Beware the Big Bad Wolf!

This is an excellent article by a former public school teacher. She knows what she is talking about. Click on the article link to read:

Parent: Why I can’t ‘in good conscience’ leave my kids in public school

Lynne Rigby and her husband Brad live outside of Orlando, Florida, with their five children who have attended a Seminole County public elementary school. Rigby, a former public school teacher and photographer, wrote a letter to state and local officials explaining why, with great sadness, she and her husband are pulling their children out of public schools. No longer, she says, can she accept the effect that high-stakes standardized testing and other school reform measures are having on her children. She posted the letter on her blog so that her friends could see it, and she has gotten a much bigger response than she expected. 

However, with a few minor exceptions (advent of computers, etc.) it could have been written anytime over the past 20-30 years.

Why now? 

Has anyone  noticed the sudden very recent addition of  anti-Common Core articles by public school teachers (present and former) articles being used by those wishing to implement publicly-funded private education with no elected school boards?

Perhaps I am paranoid, but I believe something is rotten in Denmark.

Is the multi-million dollar corporate/tax-exempt foundation-funded anti-Common Core bandwagon so anxious to get its tax-funded private education (choice) agenda implemented it is NOW enlisting desperate present and former public school teachers to participate in its massive national anti-Common core bandwagon diversion.
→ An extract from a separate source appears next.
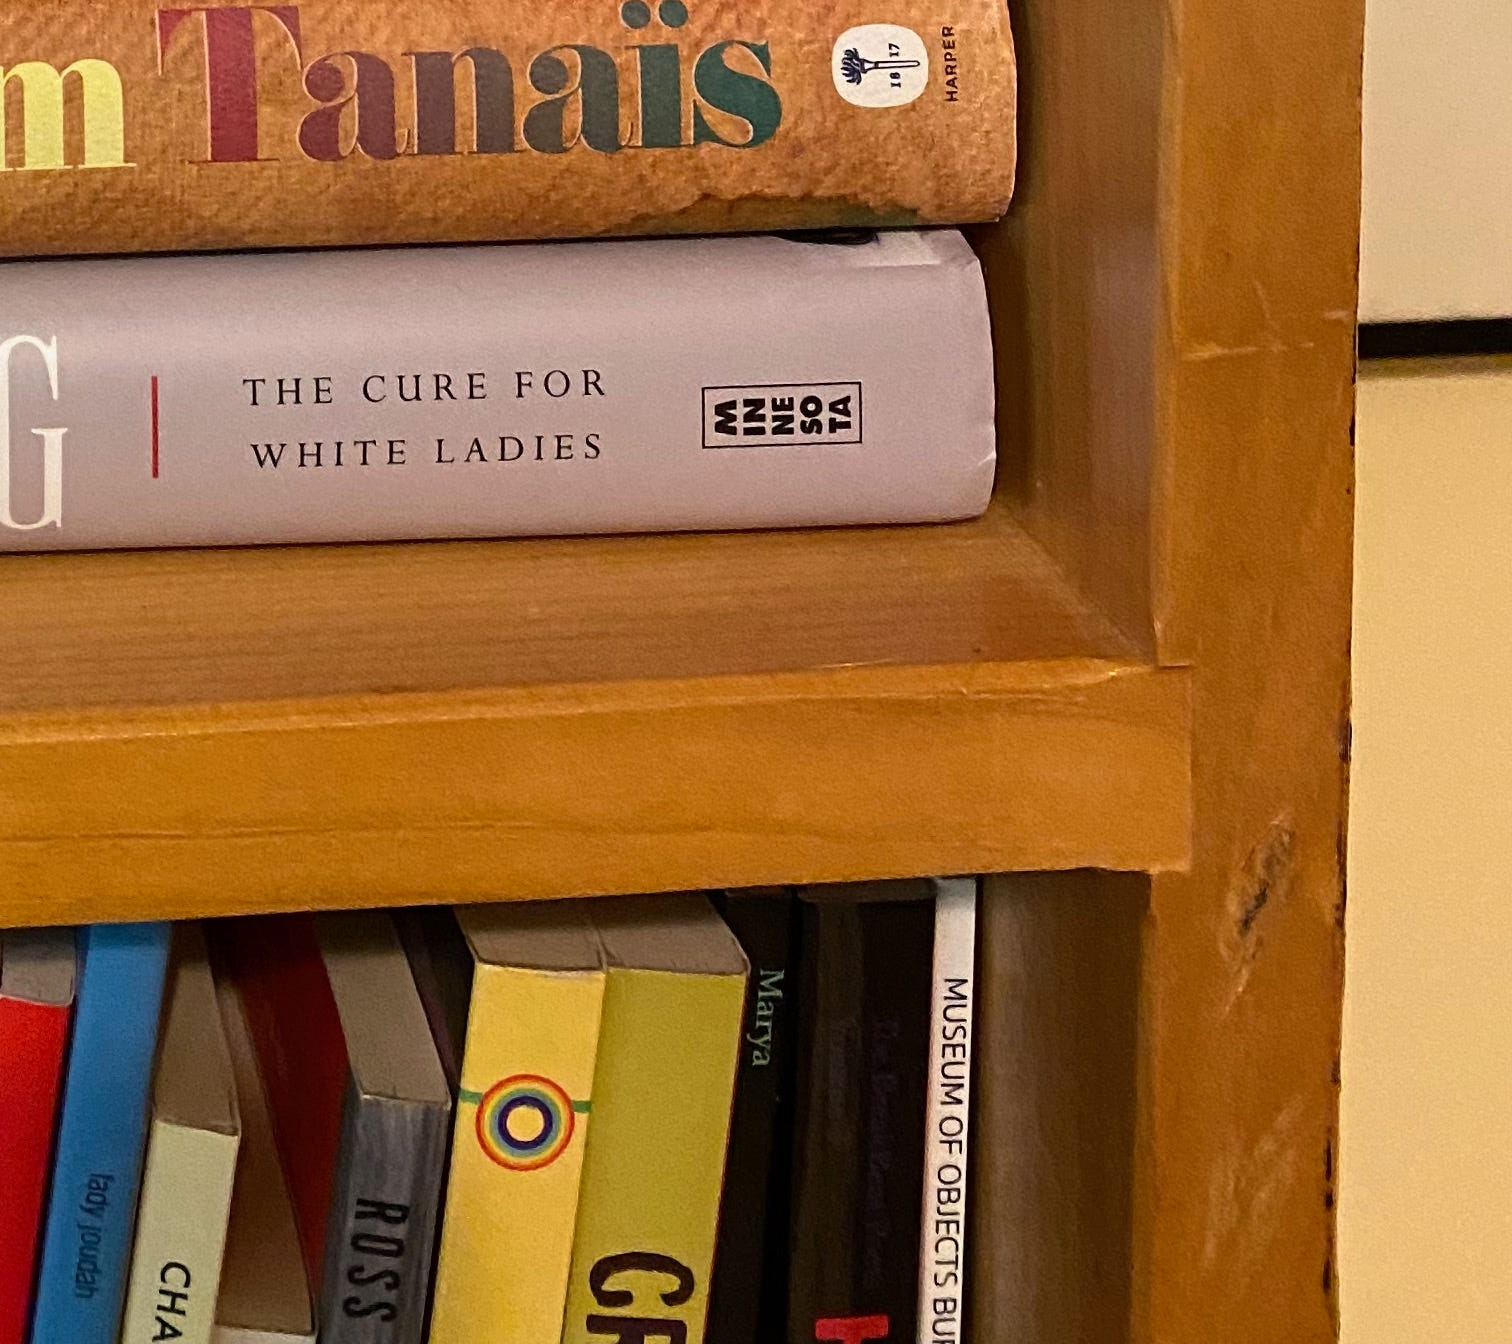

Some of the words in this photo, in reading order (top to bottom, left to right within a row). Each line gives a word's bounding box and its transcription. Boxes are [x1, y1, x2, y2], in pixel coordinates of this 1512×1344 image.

Is it deliberately going into the teaching profession and elsewhere to keep its deception alive at the same time it dismantles public education (one school system by one; i.e. recent New Orleans closures) and  installs a tax-funded charter school system without elected school boards, as recommended by Lou Gerstner, ex-CEO, IBM, in The Wall Street Journal:
I believe the problem lies with the structure and corporate governance of our public schools. We have over 15,000 school districts in America; each of them, in its own way, is involved in standards, curriculum, teacher selection, classroom rules and so on. This unbelievably unwieldy structure is incapable of executing a program of fundamental change. While we have islands of excellence as a result of great reform programs, we continually fail to scale up systemic change. - Abolish all local school districts, save 70 (50 states; 20 largest cities). Some states may choose to leave some of the rest as community service organizations, but they would have no direct involvement in the critical task of establishing standards, selecting teachers, and developing curricula.[bold added] Lessons From 40 Years of Education 'Reform'
It is fun to relate this to the clever maneouvering of the Wolf (Gerstner?) in Little Red Riding Hood, who devoured grandma (public education with elected boards) and then the little girl (private/religious education).

Taken from

"Who's there?" cried Grandma from her bed. 
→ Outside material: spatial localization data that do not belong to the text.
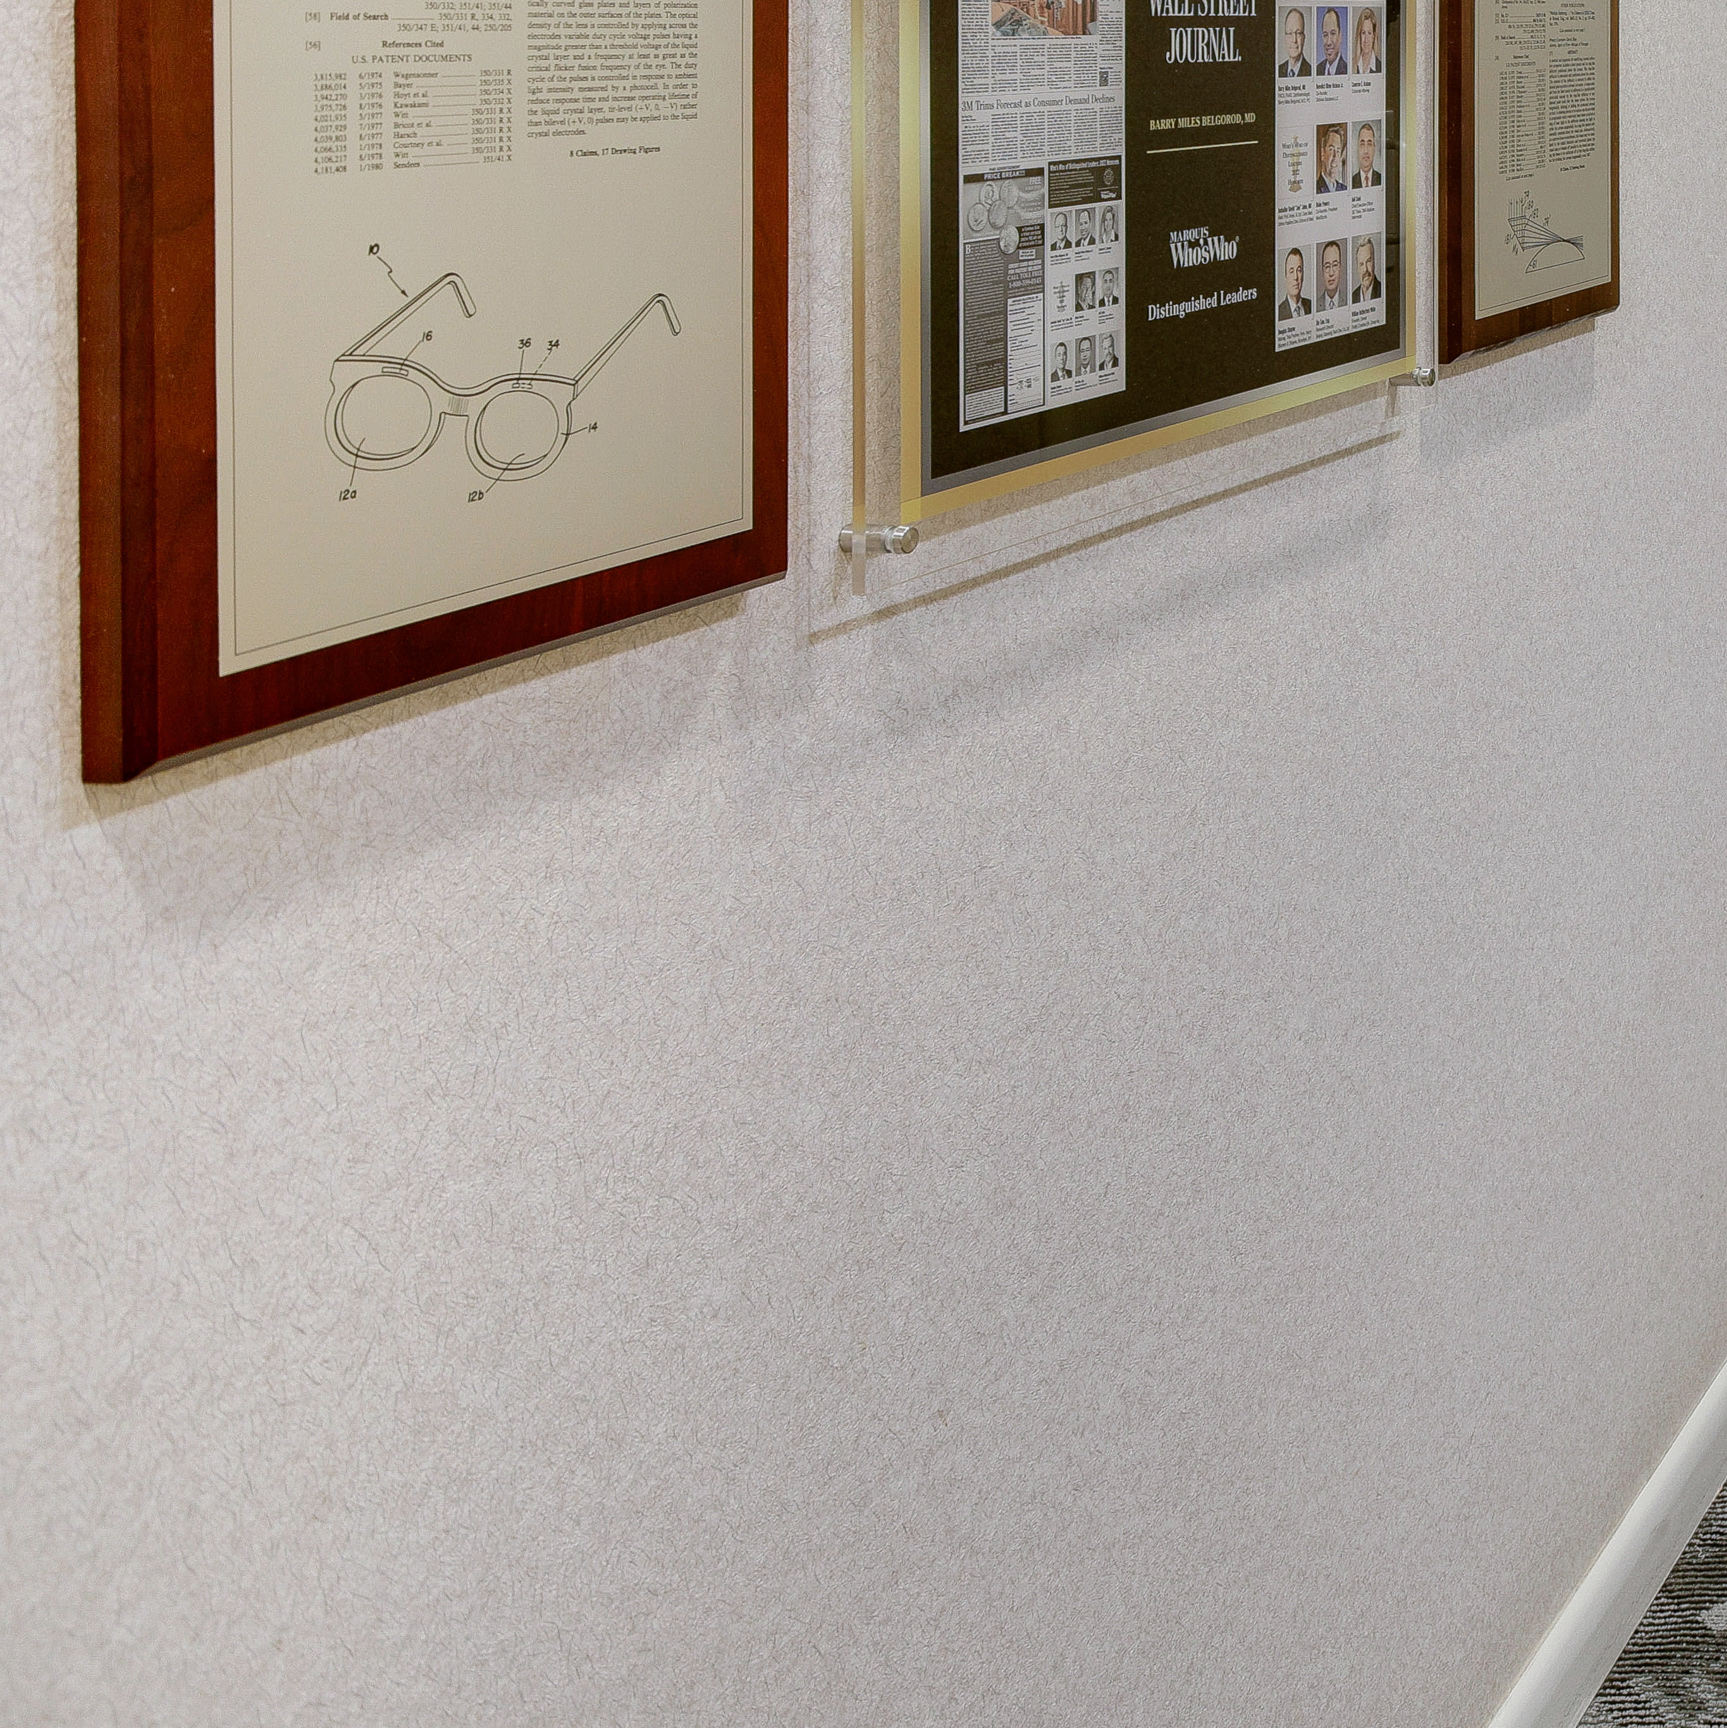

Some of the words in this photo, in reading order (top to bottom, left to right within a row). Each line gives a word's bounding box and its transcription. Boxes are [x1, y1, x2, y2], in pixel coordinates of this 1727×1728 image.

[1165, 27, 1242, 64] JOURNAL.
[961, 101, 974, 112] 3M
[975, 100, 995, 112] Trims
[996, 97, 1023, 110] Forecast
[1024, 99, 1032, 109] as
[1033, 96, 1063, 108] Consumer
[1064, 94, 1090, 106] Demand
[1091, 93, 1116, 105] Declines
[1150, 118, 1176, 131] BARRY
[1177, 116, 1201, 128] MILES
[1202, 113, 1244, 127] BELGOROD,
[1244, 112, 1256, 123] MD
[1169, 226, 1209, 243] MARQUIS
[368, 243, 380, 256] 10
[1148, 292, 1218, 321] Distinguished
[1220, 286, 1257, 306] Leaders
[421, 330, 433, 342] 16
[517, 337, 532, 350] 36
[547, 339, 560, 351] 34
[588, 421, 599, 432] 14
[338, 488, 357, 502] 12a
[467, 490, 484, 503] 12b
"It's me, Little Red Riding Hood. I've brought you some cakes because you're ill," replied the wolf, trying hard to hide his gruff voice.

"Lift the latch and come in," said Grandma, unaware of anything amiss, till a horrible shadow appeared on the wall. Poor Grandma! For in one bound, the wolf leapt across the room and, in a single mouthful, swallowed the old lady. Soon after, Little Red Riding Hood tapped on the door.

"Grandma, can I come in?" she called. 

Now, the wolf had put on the old lady's shawl and cap and slipped into the bed. Trying to imitate Grandma's quavering little voice, he replied: "Open the latch and come in! 

"What a deep voice you have," said the little girl in surprise. 

"The better to greet you with," said the wolf. 

"Goodness, what big eyes you have." 

The better to see you with." 

"And what big hands you have!" exclaimed Little Red Riding Hood, stepping over to the bed. 

"The better to hug you with," said the wolf. 

"What a big mouth you have," the little girl murmured in a weak voice. 

"The better to eat you with!" growled the wolf, and jumping out of bed, he swallowed her up too. Then, with a fat full tummy, he fell fast asleep.